El cambio cultural que protagonizan este y otros gigantes, que estarán obligados en 2023 a presentar el informe de sostenibilidad y sobre los que se cierne la nueva directiva sobre informes de sostenibilidad empresarial, también tiene clara incidencia en la relación con los acreedores financieros. ACS, primer inversor mundial en infraestructuras de transportes año tras año, asegura estar comprometida a adaptar sus proyectos a nuevos modelos de financiación sostenible.

Desde el punto de vista del negocio, el nuevo plan pretende colocar a la firma en una posición aventajada, según refleja la hoja de ruta, para el acceso a los flujos de financiación verde y tener altas opciones en licitaciones de obras con criterios sostenibles. La nueva política también busca el reconocimiento de los analistas en índices de sostenibilidad con fuerte influencia en el acceso a capitales, así como atraer a nuevos inversores y fidelizar a los que ya están en el capital. Muchos de ellos basan sus decisiones en criterios ambientales, sociales y de gobernanza (ESG, por sus siglas en inglés) responsable.
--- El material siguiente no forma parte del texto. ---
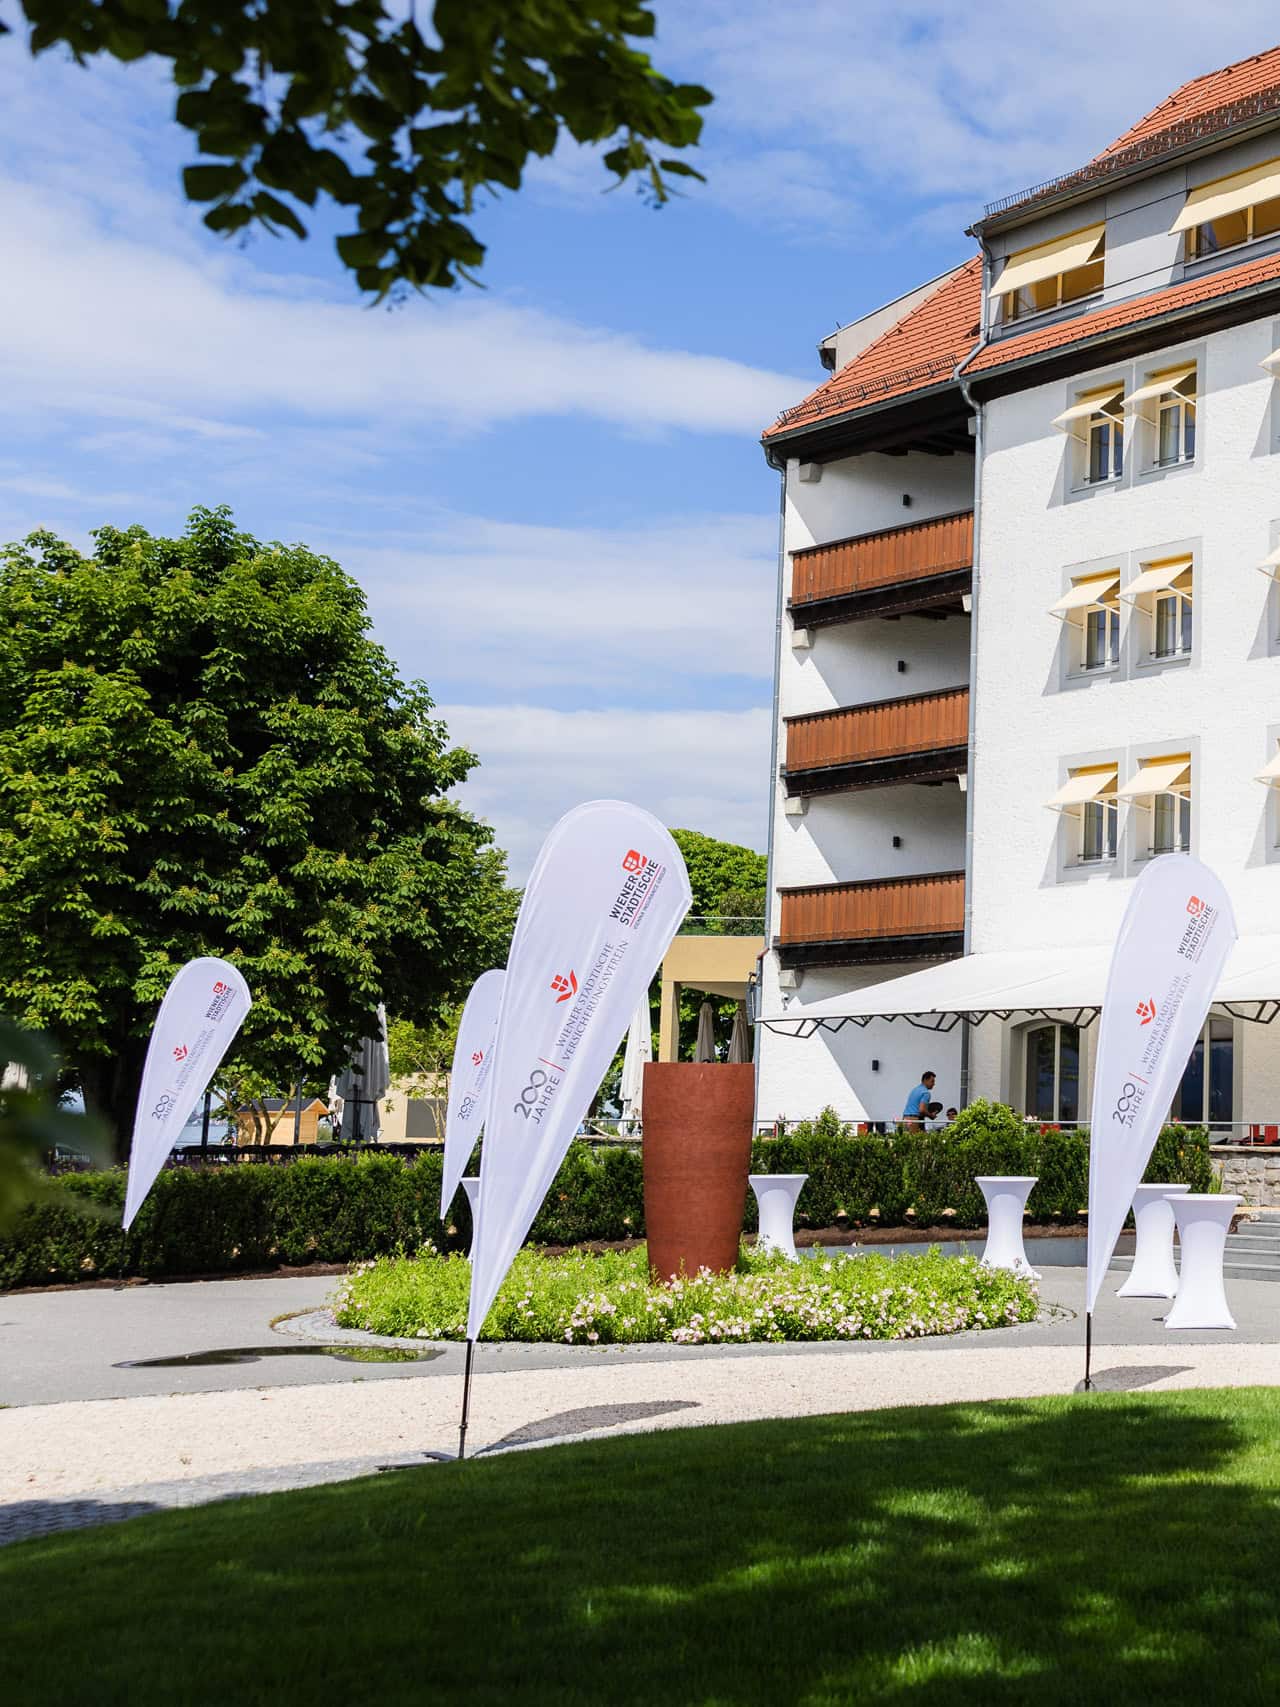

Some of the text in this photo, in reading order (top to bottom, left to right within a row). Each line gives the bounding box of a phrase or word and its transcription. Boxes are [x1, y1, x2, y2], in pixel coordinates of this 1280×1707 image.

ACS va a obligarse a fomentar la durabilidad de los materiales de construcción en sus proyectos. Con este fin, para 2025 prevé tener 200 obras de infraestructuras y edificación con sistemas de análisis de su ciclo de vida. Elevará al mismo tiempo la tasa de materiales de construcción reciclados y reducirá tanto los residuos peligrosos como el uso del vertedero.

Con actividad en 35 países, la mayor firma española de infraestructuras se ha comprometido a mantener por encima del 90% la proporción de empleados pertenecientes a la comunidad local de cada proyecto, y a una cuota mínima del 75% para la participación local de proveedores.
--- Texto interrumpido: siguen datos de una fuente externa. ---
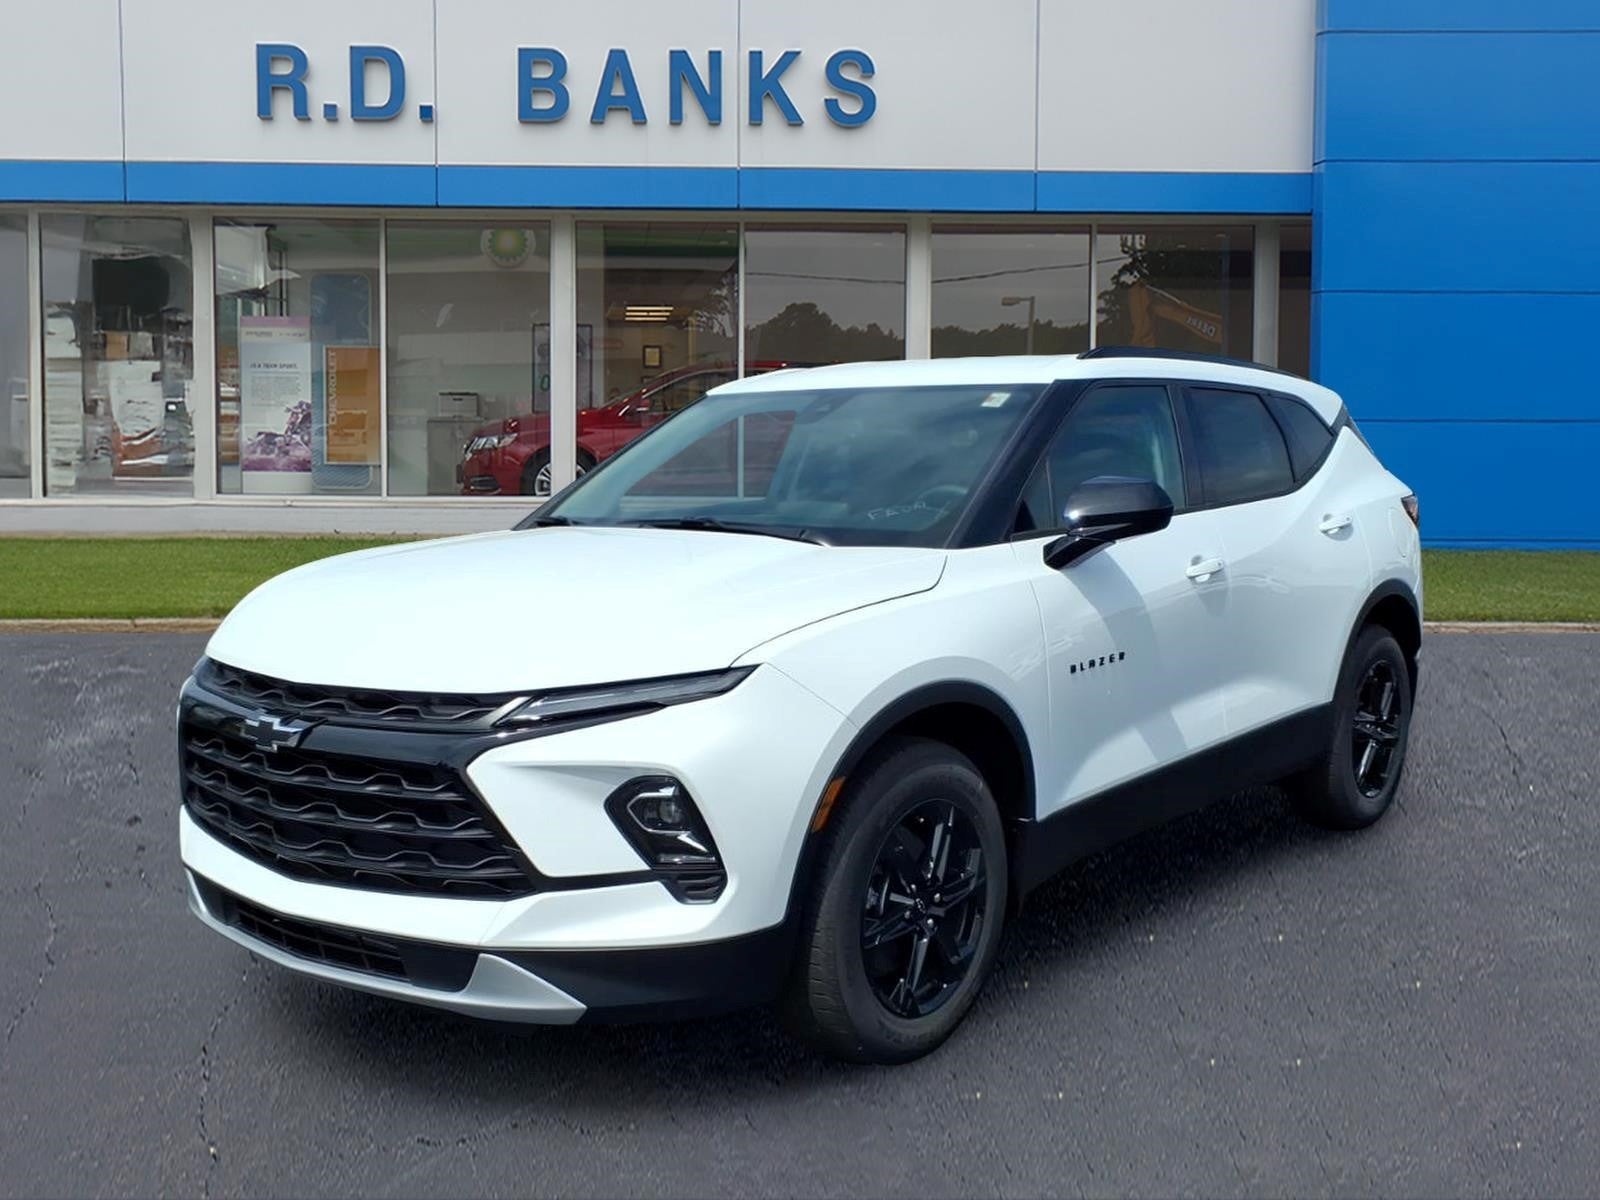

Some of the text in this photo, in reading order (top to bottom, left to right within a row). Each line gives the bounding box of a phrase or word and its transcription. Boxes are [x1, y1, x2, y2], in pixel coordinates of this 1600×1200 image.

[256, 42, 877, 128] R.D. BANKS
[1070, 652, 1125, 674] BLAZER
Otro hito fijado es que el 97% de los empleados hayan pasado por sistemas certificados de gestión de seguridad y salud en los próximos cuatro años. De hecho, todo el personal de nueva contratación debe recibir como mínimo un curso de seguridad y salud laboral.
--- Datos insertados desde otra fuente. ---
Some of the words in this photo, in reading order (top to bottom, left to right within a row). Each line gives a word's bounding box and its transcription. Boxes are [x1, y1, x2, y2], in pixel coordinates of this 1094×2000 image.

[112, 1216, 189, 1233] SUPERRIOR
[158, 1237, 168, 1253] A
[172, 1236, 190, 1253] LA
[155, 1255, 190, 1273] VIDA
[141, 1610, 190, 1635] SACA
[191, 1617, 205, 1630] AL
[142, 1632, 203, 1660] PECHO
Sobre diversidad de género, hasta 2025 la meta será haber incrementado un 25% la presencia de mujeres en puestos de alta dirección respecto a 2019, y que un 20% de los puestos de responsabilidad estén ocupados por directivas. La cúpula de la compañía sigue copada en la actualidad por hombres pese a que alrededor del 40% de la plantilla está formada por mujeres.04 Cáceres (España)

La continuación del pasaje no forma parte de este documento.